**WHAT NEEDS TO BE DONE**
Leaving out the images, repeat all the lines below exactly.

**MATERIAL TO PROCESS**
-------

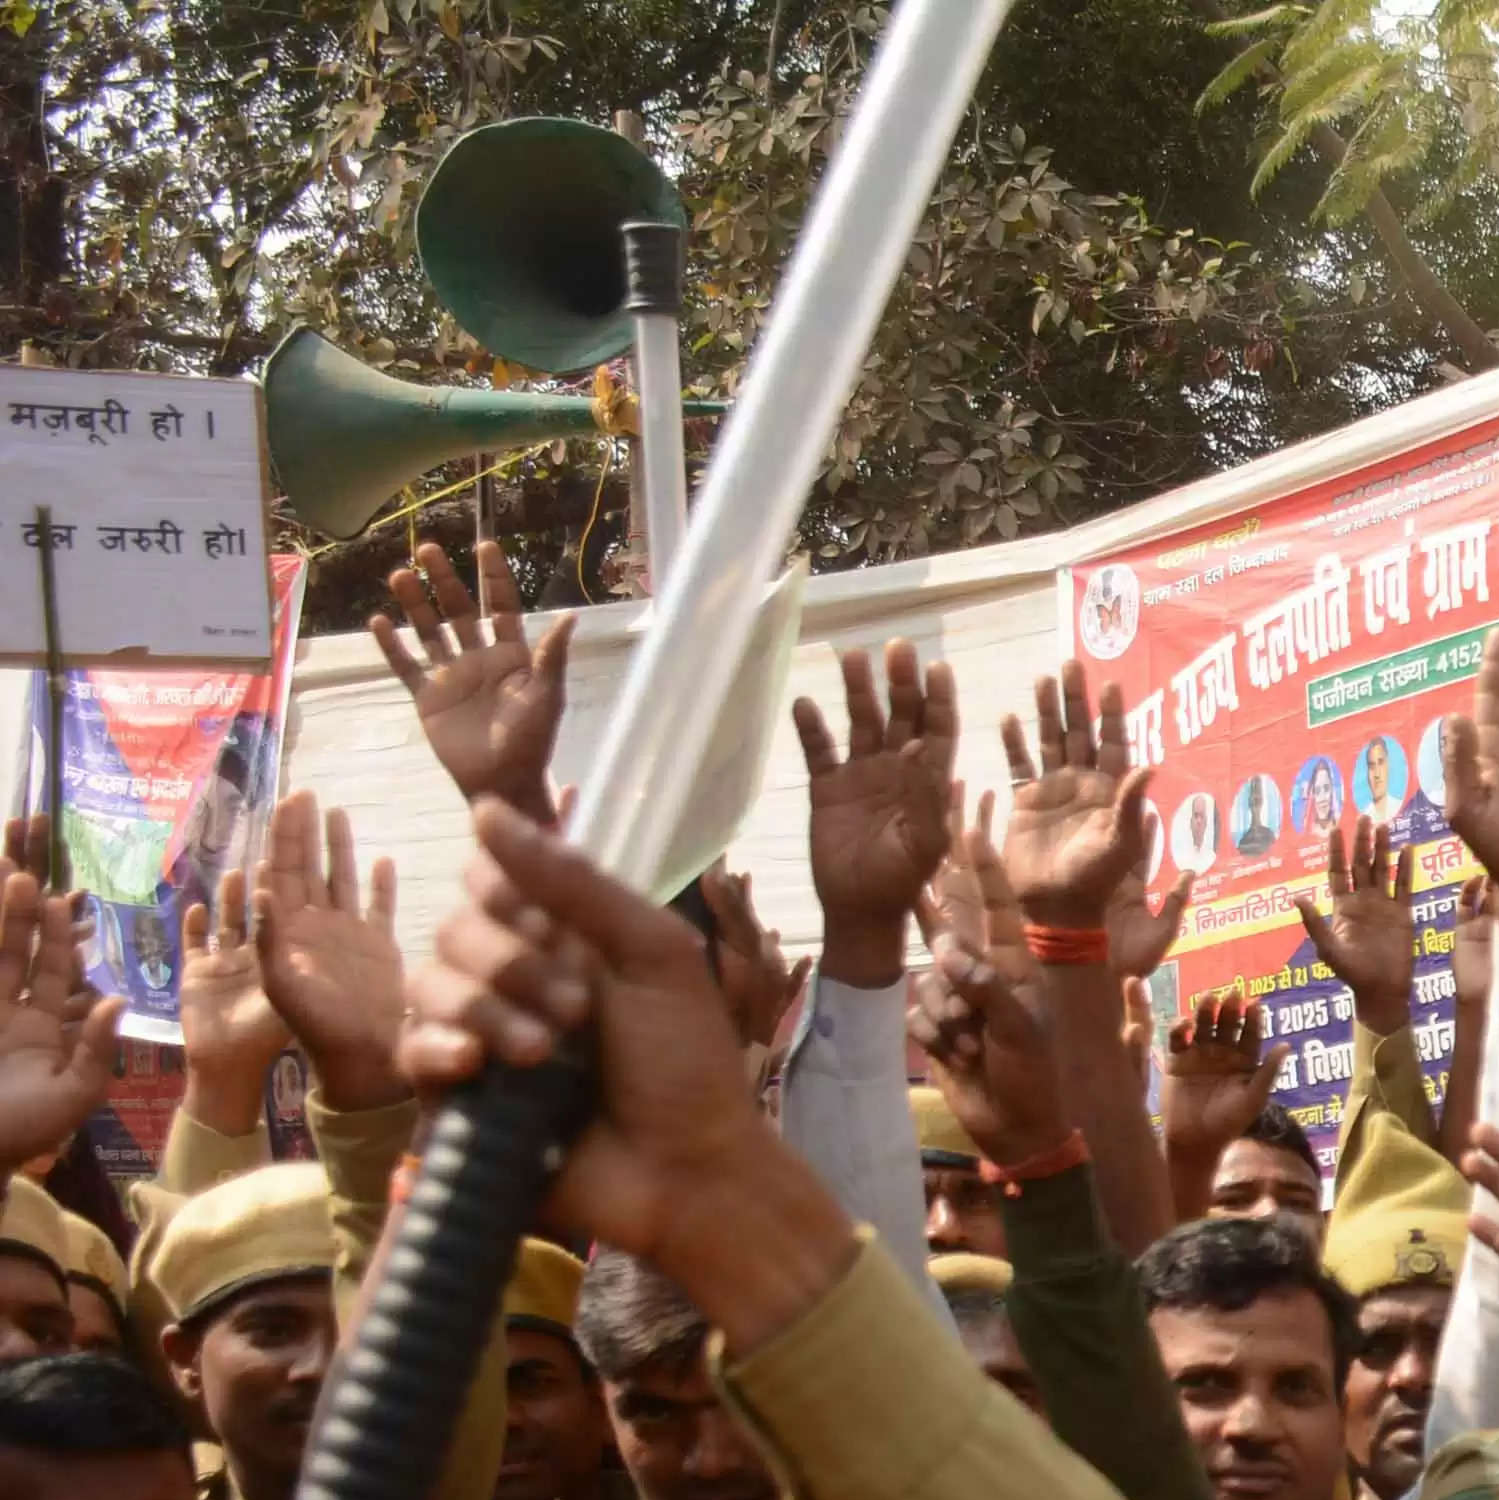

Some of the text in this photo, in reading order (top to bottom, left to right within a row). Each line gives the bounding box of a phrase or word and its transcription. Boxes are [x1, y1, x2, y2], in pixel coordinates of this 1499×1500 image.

[8, 399, 130, 446] मज़बूरी
[150, 403, 184, 441] हो
[1203, 564, 1225, 586] दल
[1170, 631, 1239, 744] राज्य
[1243, 551, 1352, 690] दलपति
[1359, 518, 1415, 635] एवं
[1420, 519, 1491, 622] ग्राम
[1311, 677, 1374, 714] पंजीयन
[1379, 655, 1429, 697] संख्या
[1421, 839, 1465, 884] पूर्ति
[1423, 927, 1457, 956] बिहा
[1249, 973, 1277, 998] 2025
[1277, 965, 1294, 988] से
[1295, 967, 1309, 987] 21
[1278, 1001, 1329, 1040] 2025
[1332, 987, 1356, 1021] को
[1303, 1038, 1355, 1088] विशा
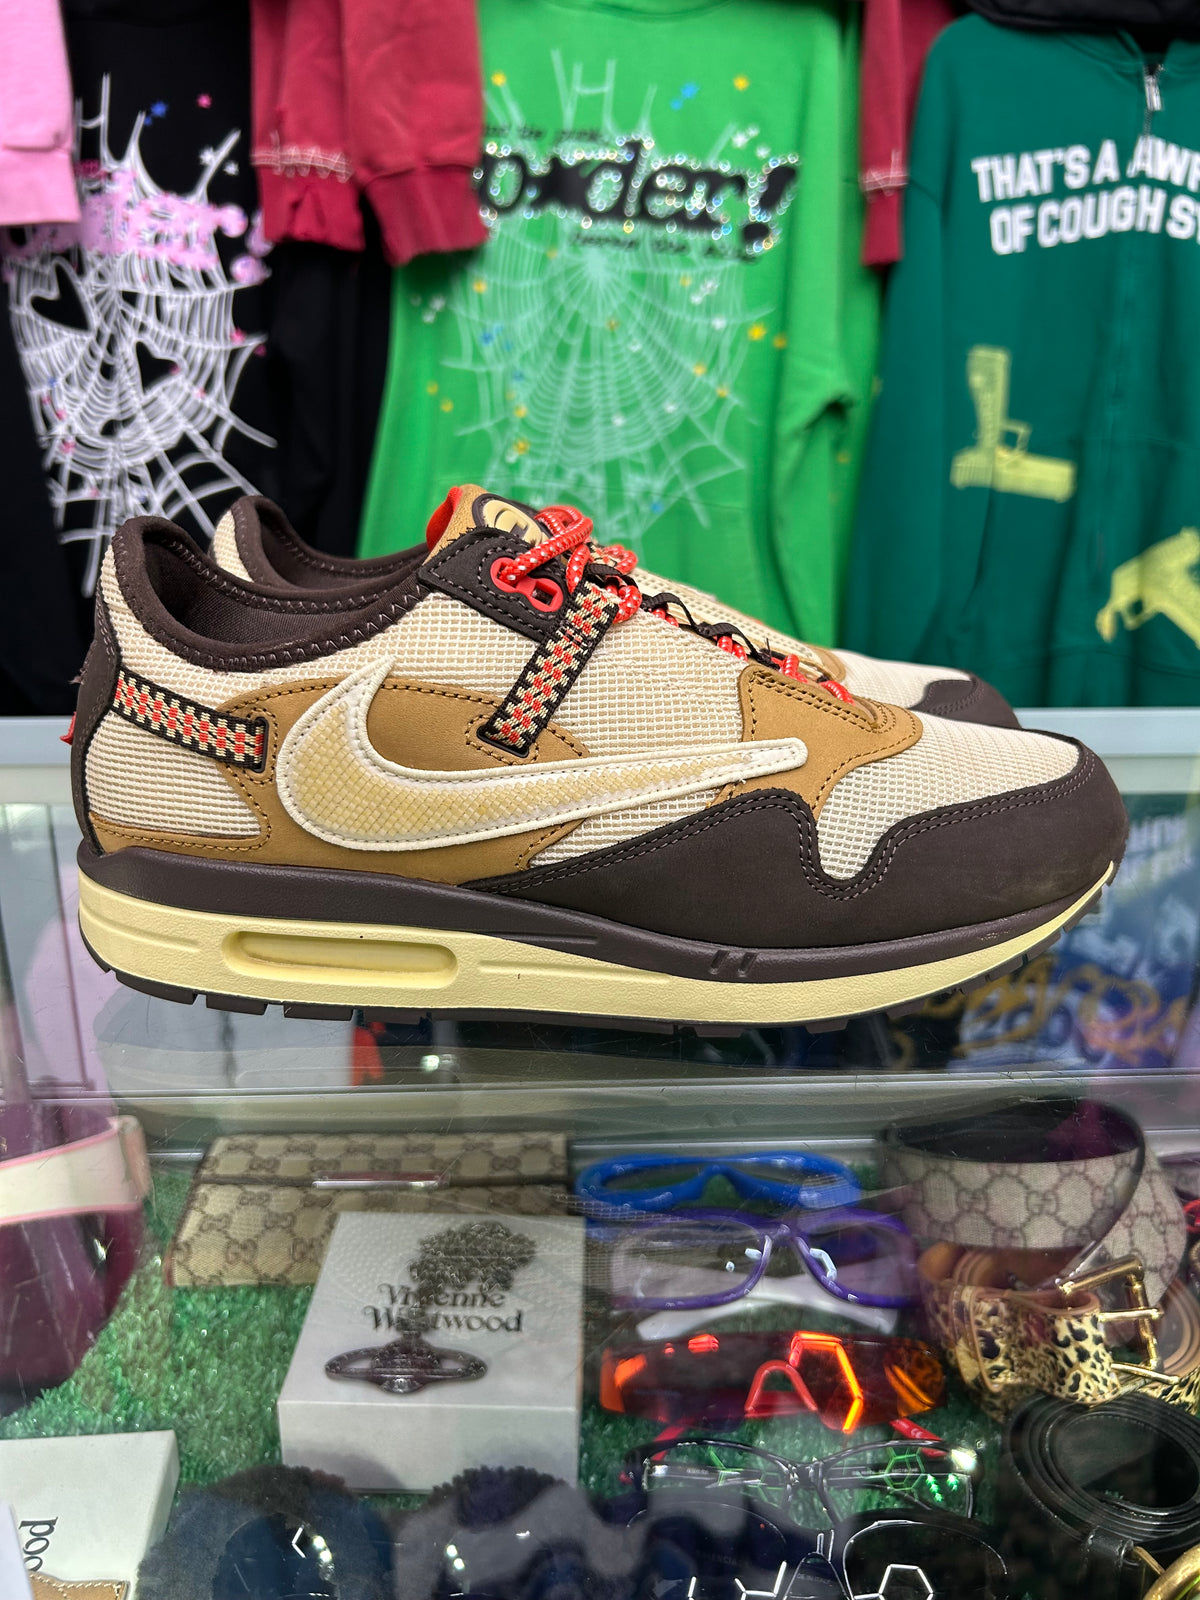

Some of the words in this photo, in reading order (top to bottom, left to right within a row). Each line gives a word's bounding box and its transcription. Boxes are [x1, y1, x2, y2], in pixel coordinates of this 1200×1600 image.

[971, 145, 1091, 203] THAT'S
[1092, 139, 1121, 185] A
[990, 203, 1036, 256] OF
[1037, 185, 1168, 248] COUGH
[1166, 194, 1200, 246] S
[363, 1305, 523, 1333] Wtwood

-------

**WRITTEN SOLUTION**
Some of the text in this photo, in reading order (top to bottom, left to right within a row). Each line gives the bounding box of a phrase or word and its transcription. Boxes are [x1, y1, x2, y2], in pixel coordinates of this 1499×1500 image.

[8, 399, 130, 446] मज़बूरी
[150, 403, 184, 441] हो
[1203, 564, 1225, 586] दल
[1170, 631, 1239, 744] राज्य
[1243, 551, 1352, 690] दलपति
[1359, 518, 1415, 635] एवं
[1420, 519, 1491, 622] ग्राम
[1311, 677, 1374, 714] पंजीयन
[1379, 655, 1429, 697] संख्या
[1421, 839, 1465, 884] पूर्ति
[1423, 927, 1457, 956] बिहा
[1249, 973, 1277, 998] 2025
[1277, 965, 1294, 988] से
[1295, 967, 1309, 987] 21
[1278, 1001, 1329, 1040] 2025
[1332, 987, 1356, 1021] को
[1303, 1038, 1355, 1088] विशा

Some of the words in this photo, in reading order (top to bottom, left to right within a row). Each line gives a word's bounding box and its transcription. Boxes are [x1, y1, x2, y2], in pixel coordinates of this 1200×1600 image.

[971, 145, 1091, 203] THAT'S
[1092, 139, 1121, 185] A
[990, 203, 1036, 256] OF
[1037, 185, 1168, 248] COUGH
[1166, 194, 1200, 246] S
[363, 1305, 523, 1333] Wtwood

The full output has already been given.